§ **Work order**
Would you please reproduce all the entries exactly, leaving the pictures out?

§ **Data shown**

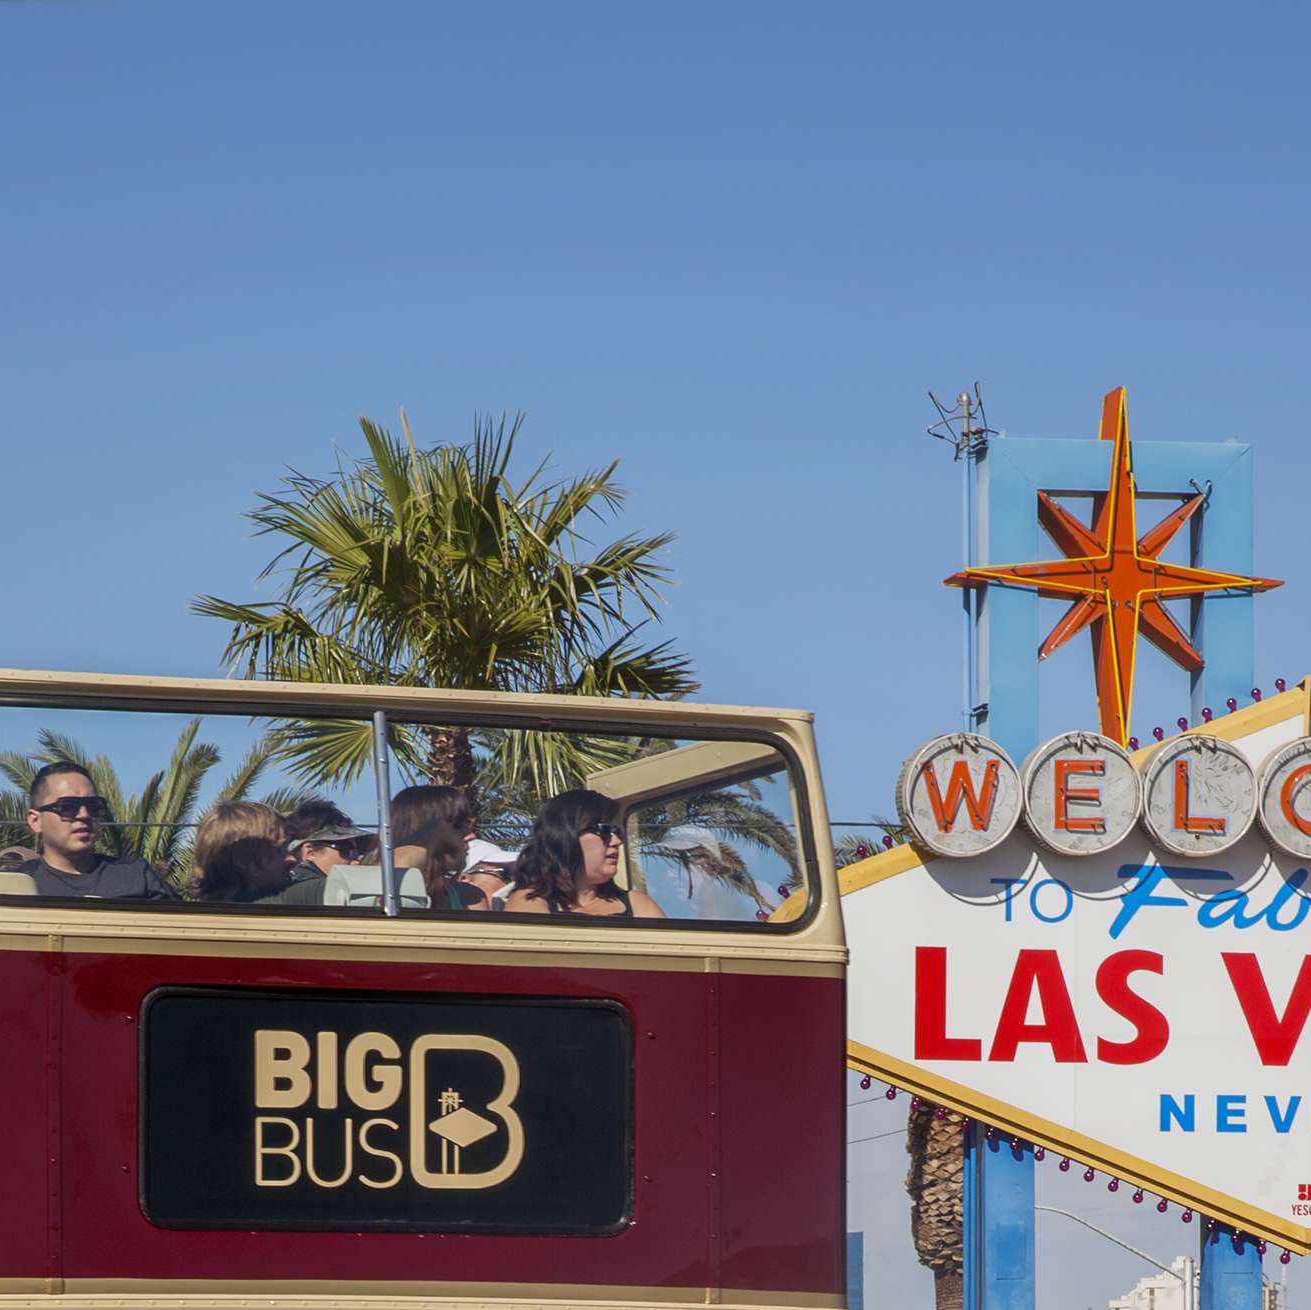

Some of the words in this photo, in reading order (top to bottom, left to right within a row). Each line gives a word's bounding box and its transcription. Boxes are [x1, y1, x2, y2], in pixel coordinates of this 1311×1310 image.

[990, 878, 1074, 924] TO
[913, 945, 1171, 1066] LAS
[254, 1028, 402, 1109] BIG
[254, 1116, 402, 1190] BUS
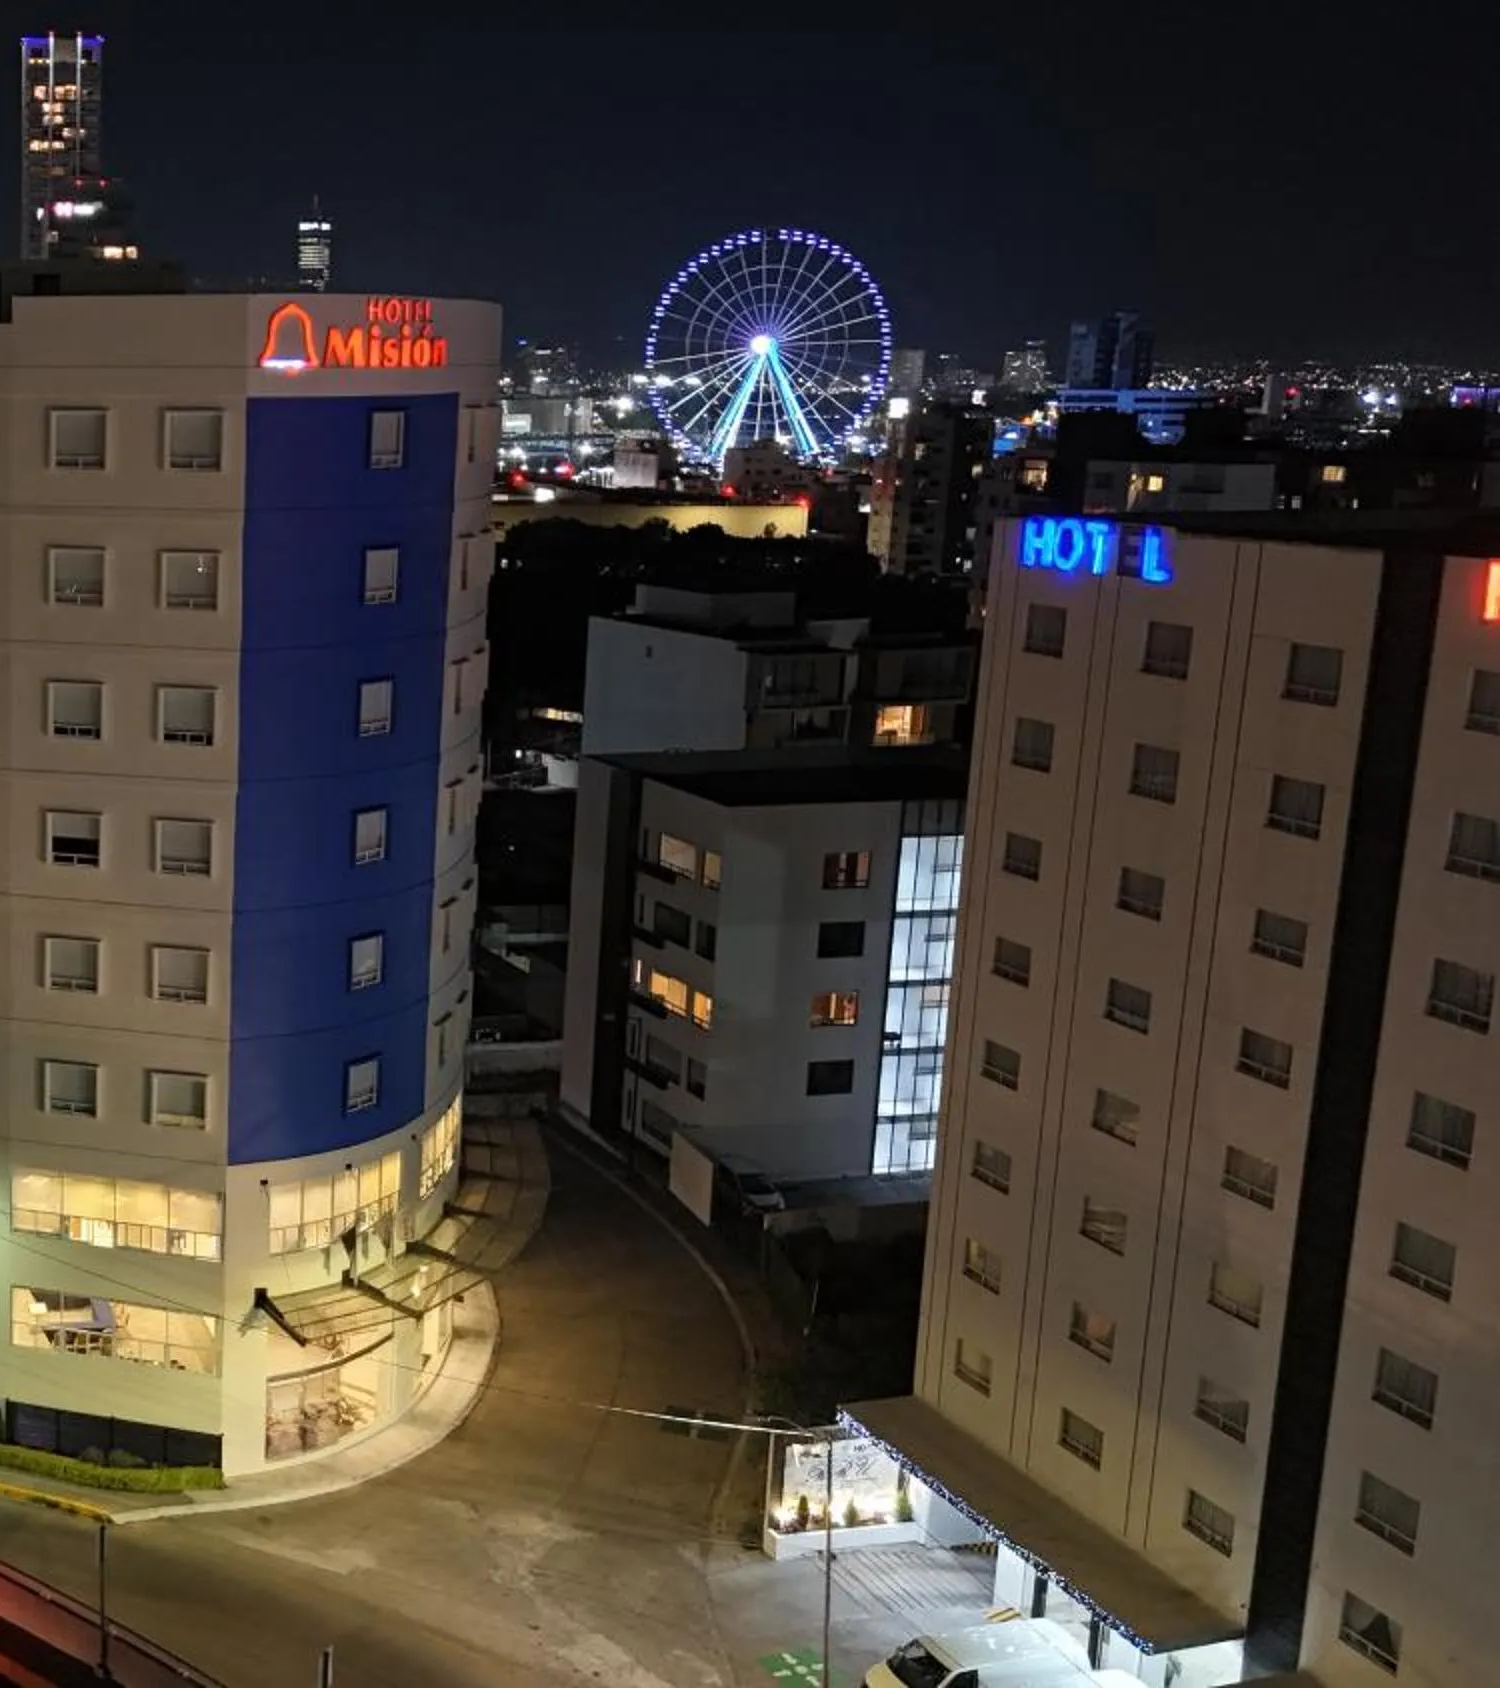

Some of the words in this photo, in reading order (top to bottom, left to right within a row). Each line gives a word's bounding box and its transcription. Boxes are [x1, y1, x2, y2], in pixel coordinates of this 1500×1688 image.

[367, 297, 432, 323] HOTEL
[323, 323, 447, 368] Misión
[1021, 517, 1173, 585] HOTEL
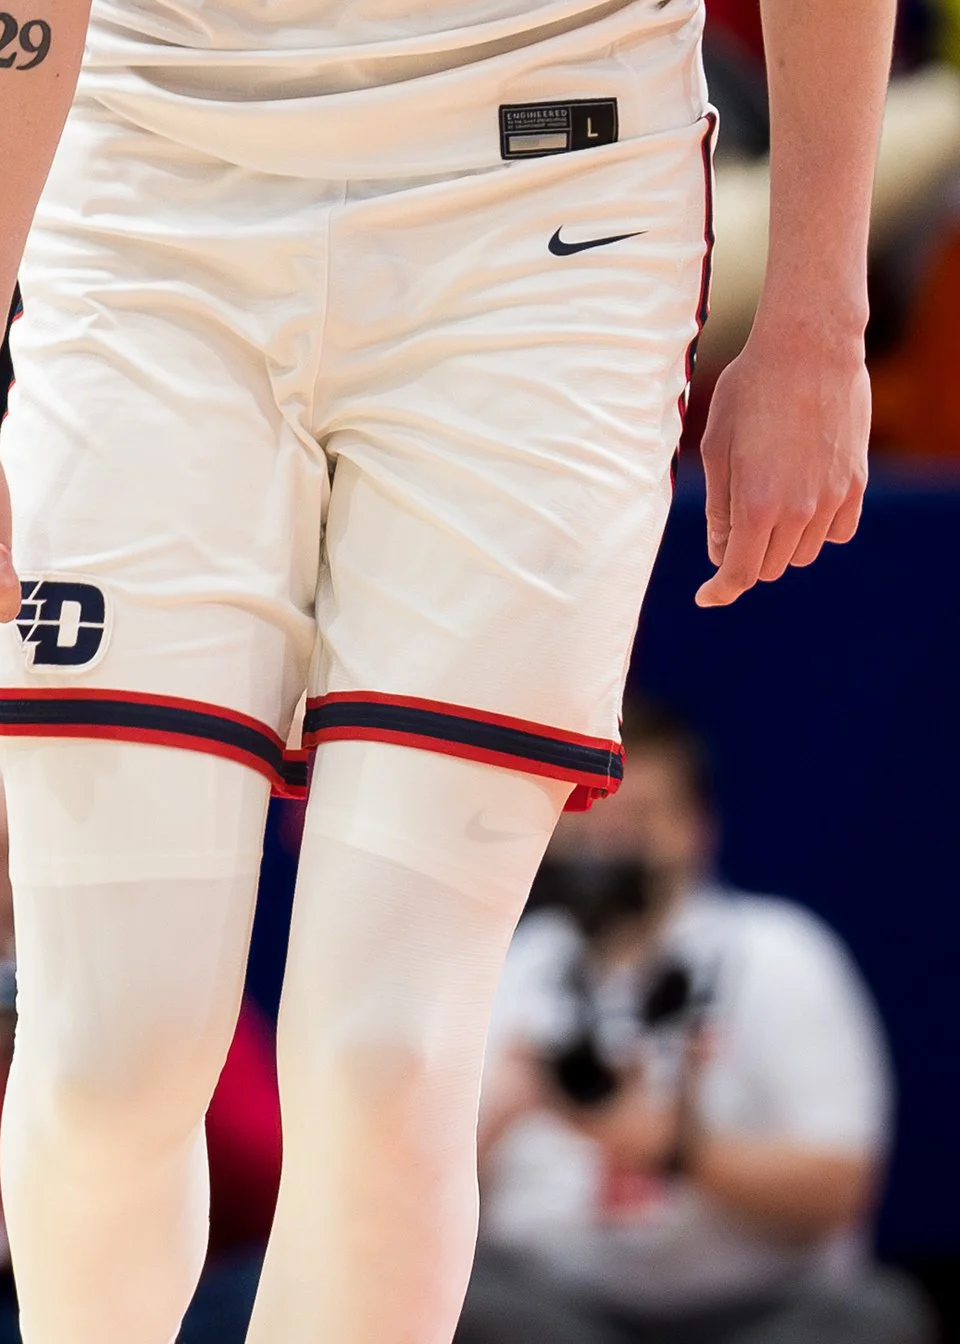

§ **Reply to the exercise**
Some of the words in this photo, in reading order (top to bottom, left to right within a row). Each line gives a word's bounding box and its transcription. Boxes are [x1, y1, x2, y2], in pixel coordinates of this 1311×1310 image.

[990, 878, 1074, 924] TO
[913, 945, 1171, 1066] LAS
[254, 1028, 402, 1109] BIG
[254, 1116, 402, 1190] BUS

Some of the words in this photo, in reading order (top to bottom, left to right within a row). Each line gives a word's bounding box and its transcription. Boxes are [x1, y1, x2, y2], in pixel coordinates of this 1500×1688 image.

[367, 297, 432, 323] HOTEL
[323, 323, 447, 368] Misión
[1021, 517, 1173, 585] HOTEL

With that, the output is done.